See Fig. 3.11 and complete the following statements:

(i) The abscissa and the ordinate of the point $\mathrm{B}$ are $\_~\_~\_$and $_~\_~\_$* *respectively. Hence, the coordinates of $\mathrm{B}$ are $(\_~\_, \_~\_)$

(ii) The $x$-coordinate and the $y$-coordinate of the point $\mathrm{M}$ are $\_~ \_~ \_$and $\_~ \_~ \_$, respectively. Hence, the coordinates of $\mathrm{M}$ are $(\_~\_, \_~\_)$

(iii) The $x$-coordinate and the $y$-coordinate of the point $\mathrm{L}$ are $\_~ \_~ \_$* *and $\_~ \_~ \_$ respectively. Hence, the coordinates of $\mathrm{L}$ are $(\_~\_, \_~\_)$.

(iv) The $x$-coordinate and the $y$-coordinate of the point $\mathrm{S}$ are $\_~ \_~ \_$ and $\_~ \_~ \_$ respectively. Hence, the coordinates of $S$ are $(\_~\_, \_~\_)$.

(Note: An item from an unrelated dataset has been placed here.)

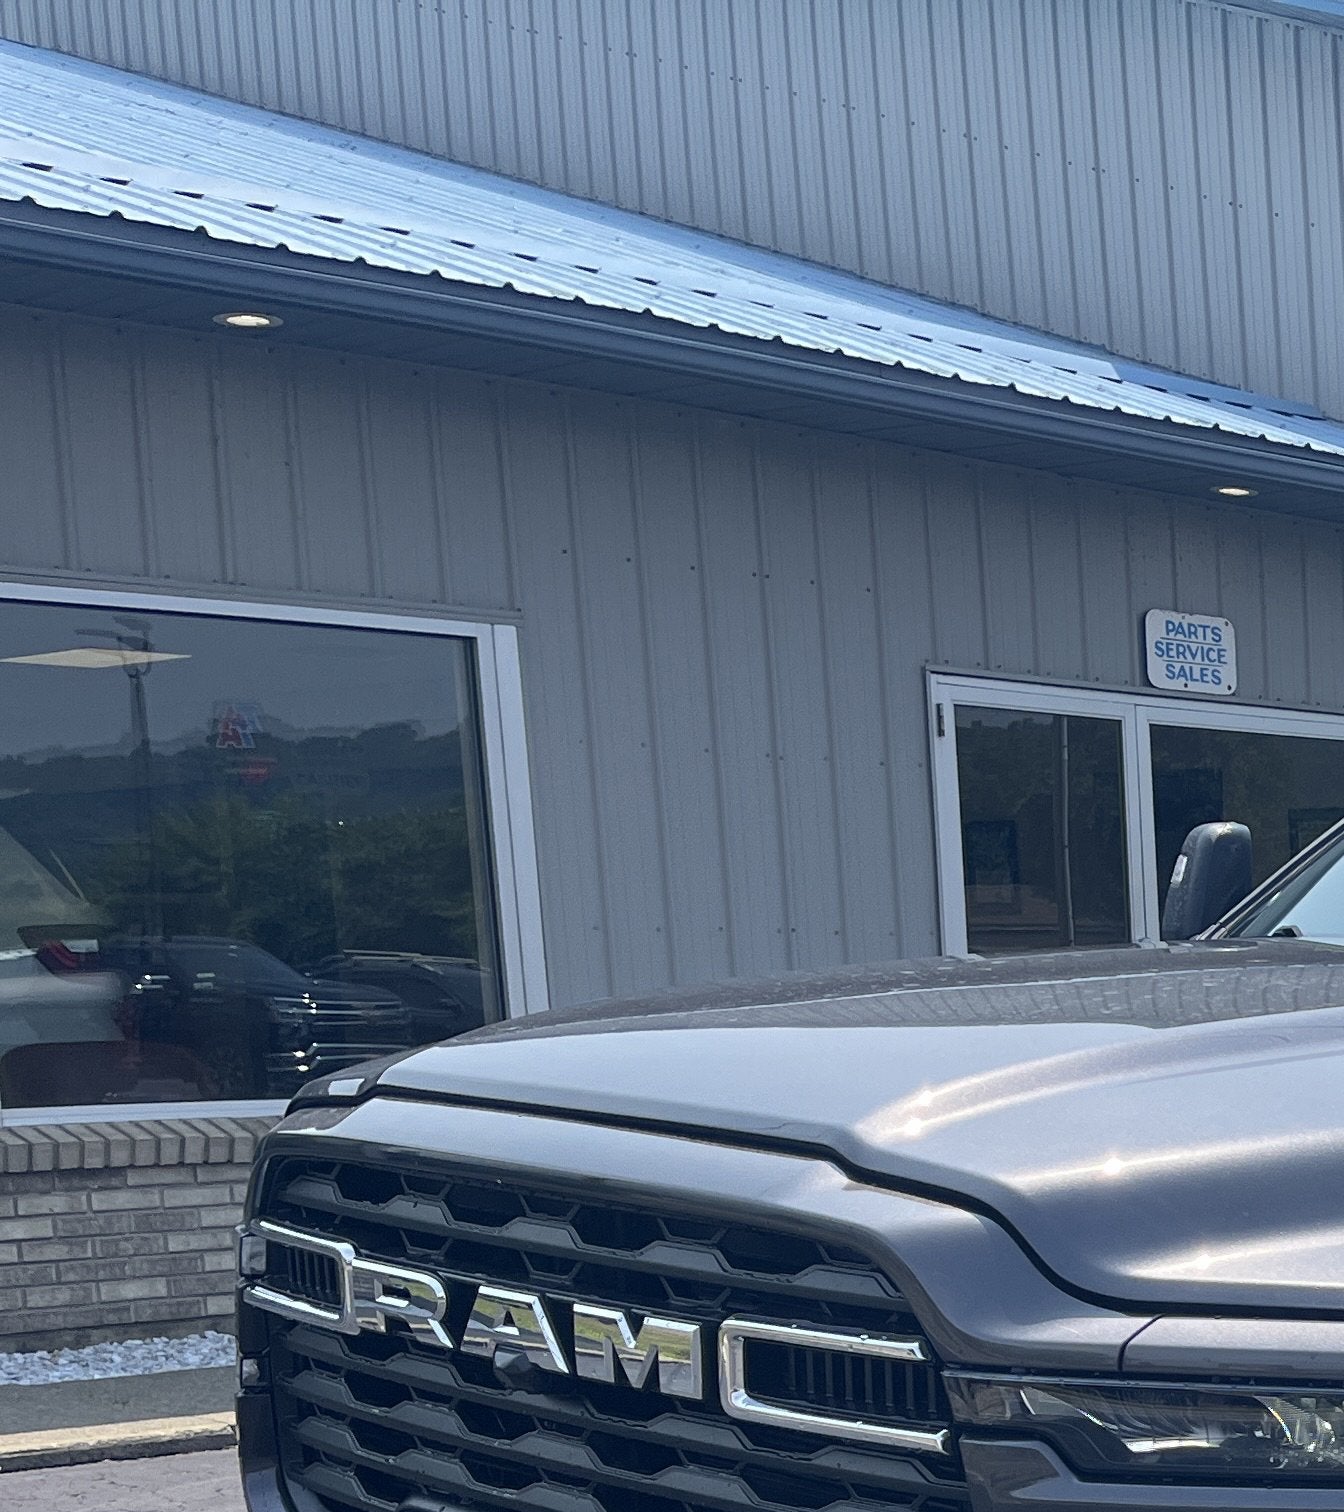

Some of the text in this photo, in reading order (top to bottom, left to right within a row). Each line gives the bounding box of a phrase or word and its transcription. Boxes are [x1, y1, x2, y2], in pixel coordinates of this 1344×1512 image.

(i) The abscissa and the ordinate of the point $\mathrm{B}$ are $4$and $3$* *respectively. Hence, the coordinates of $\mathrm{B}$ are $(4, 3)$

(ii) The $x$-coordinate and the $y$-coordinate of the point $\mathrm{M}$ are $-3$and $4$, respectively. Hence, the coordinates of $\mathrm{M}$ are $(-3, 4)$

(iii) The $x$-coordinate and the $y$-coordinate of the point $\mathrm{L}$ are $-5$* *and $-4$ respectively. Hence, the coordinates of $\mathrm{L}$ are $(-5, -4)$.

(iv) The $x$-coordinate and the $y$-coordinate of the point $\mathrm{S}$ are $3$ and $-4$ respectively. Hence, the coordinates of $S$ are $(3, -4)$.

Write the coordinates of the points marked on the axes in Fig. 3.12.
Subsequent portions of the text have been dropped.